WHAT THE TASK ASKS: Retype the entries below word for word, leaving out every picture.

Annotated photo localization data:

<<<<

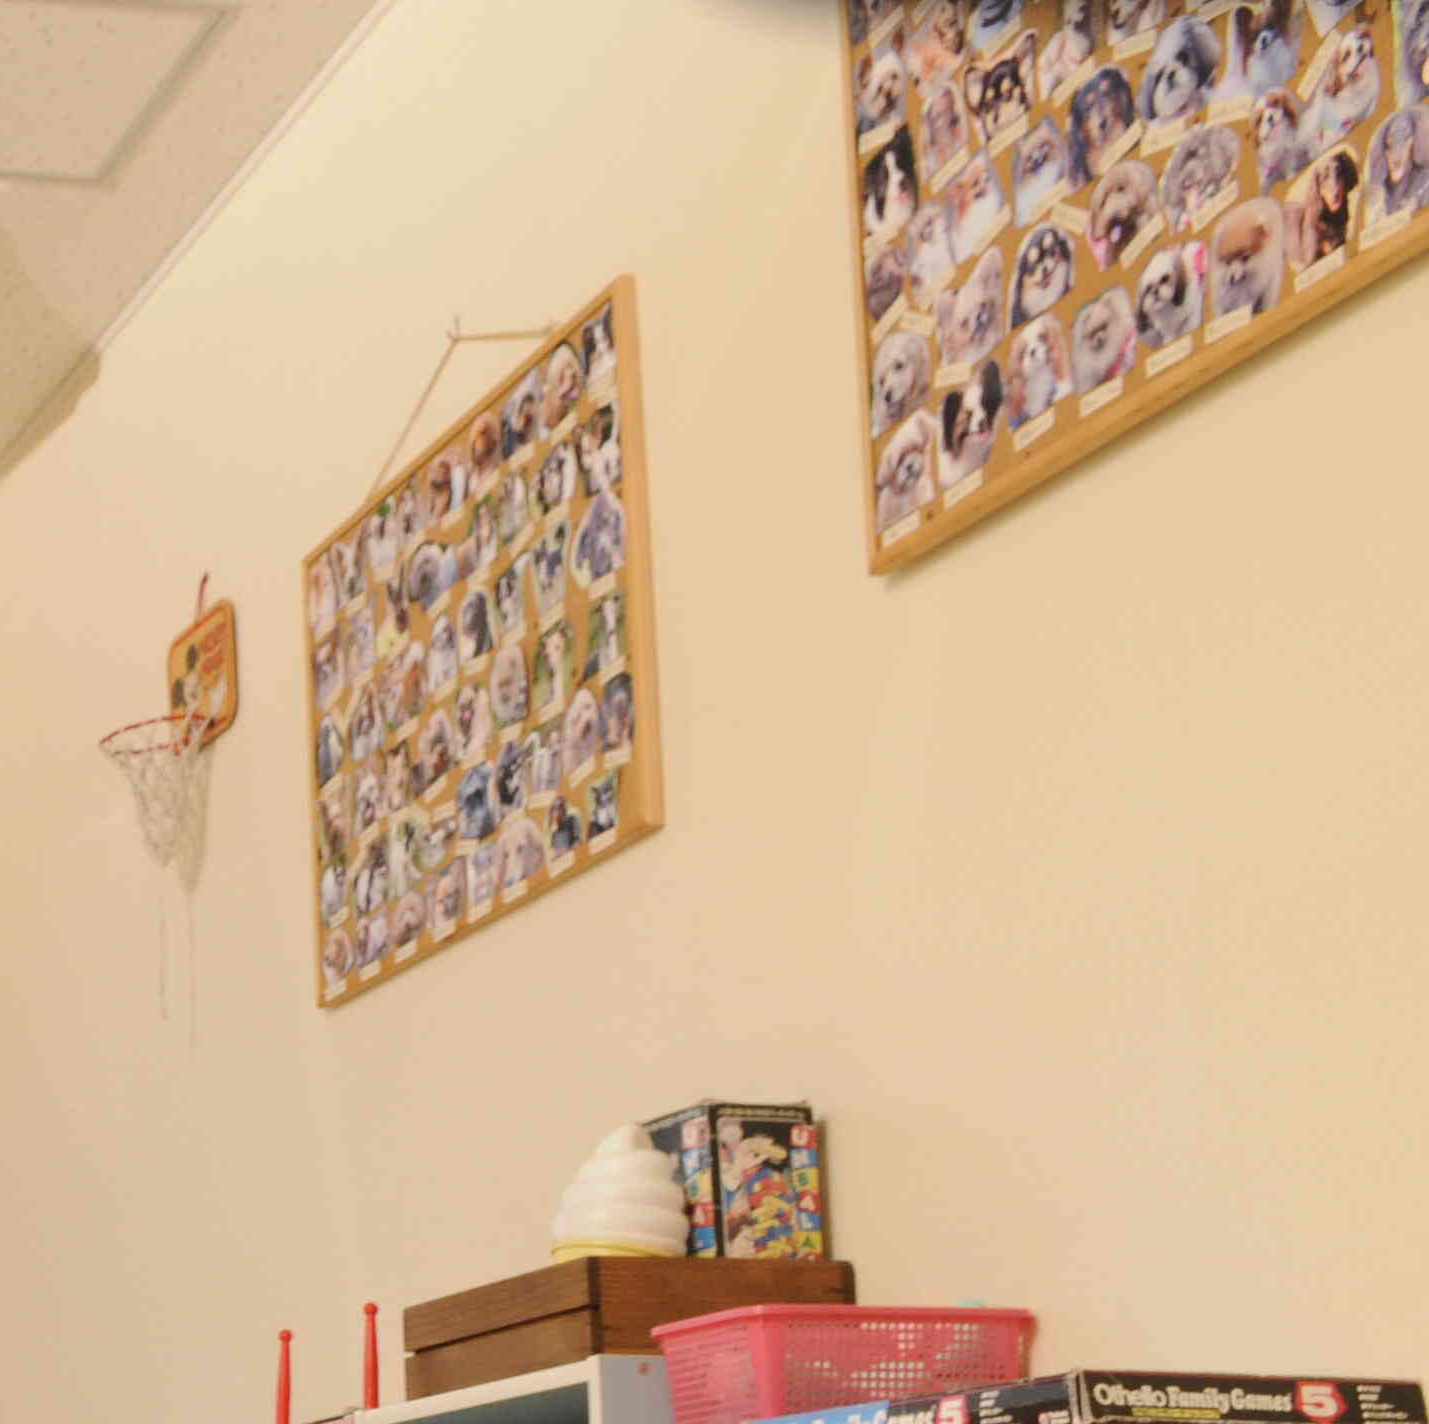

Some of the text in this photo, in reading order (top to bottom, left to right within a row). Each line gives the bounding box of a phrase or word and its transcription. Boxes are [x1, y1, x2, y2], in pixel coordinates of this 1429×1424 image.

[1093, 1383, 1166, 1407] Othello
[1167, 1387, 1230, 1414] Family
[1231, 1388, 1291, 1412] Games
[1299, 1384, 1337, 1418] 5
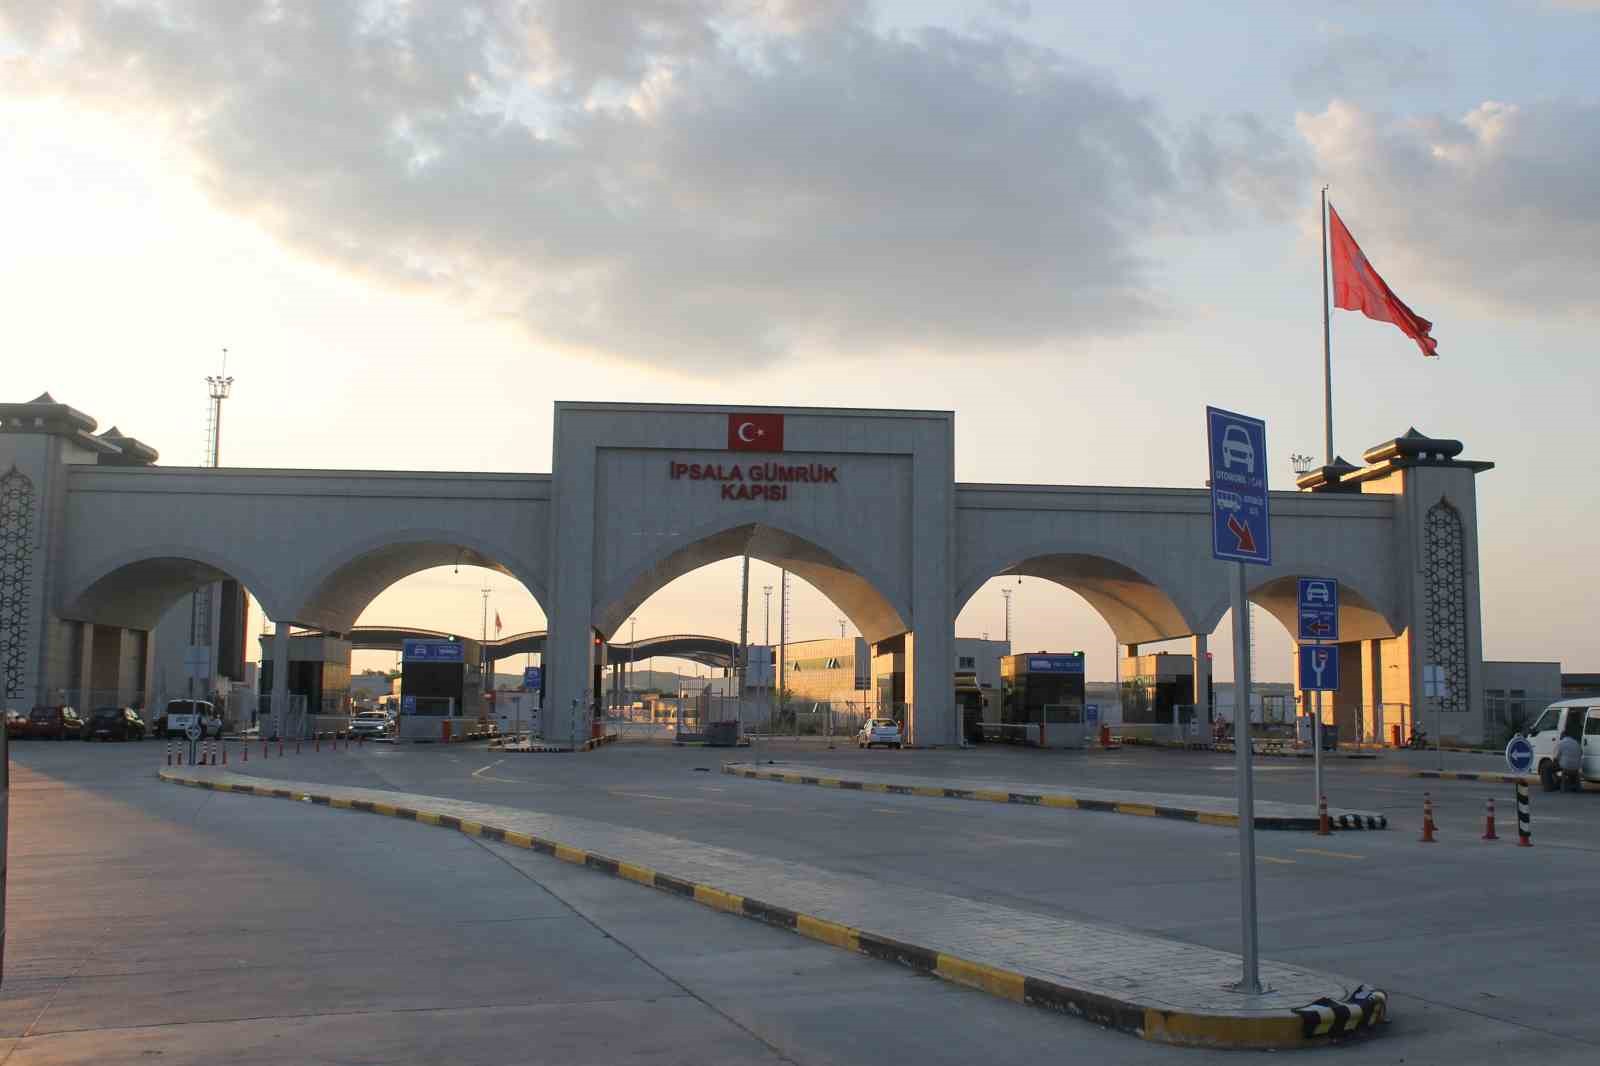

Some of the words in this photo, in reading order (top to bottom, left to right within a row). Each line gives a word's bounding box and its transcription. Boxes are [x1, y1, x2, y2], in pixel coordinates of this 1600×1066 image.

>>>>

REPLY:
Some of the text in this photo, in reading order (top to bottom, left to right within a row). Each line gives the bounding box of a phrase or word and its transcription. Boxes are [x1, y1, x2, y2], in pixel coordinates of this 1429×1424 image.

[1093, 1383, 1166, 1407] Othello
[1167, 1387, 1230, 1414] Family
[1231, 1388, 1291, 1412] Games
[1299, 1384, 1337, 1418] 5

Some of the words in this photo, in reading order (top to bottom, left to right within a row). Each line gives a word's bounding box and its transcription. Boxes are [x1, y1, x2, y2], in pixel coordinates of this 1600×1066 image.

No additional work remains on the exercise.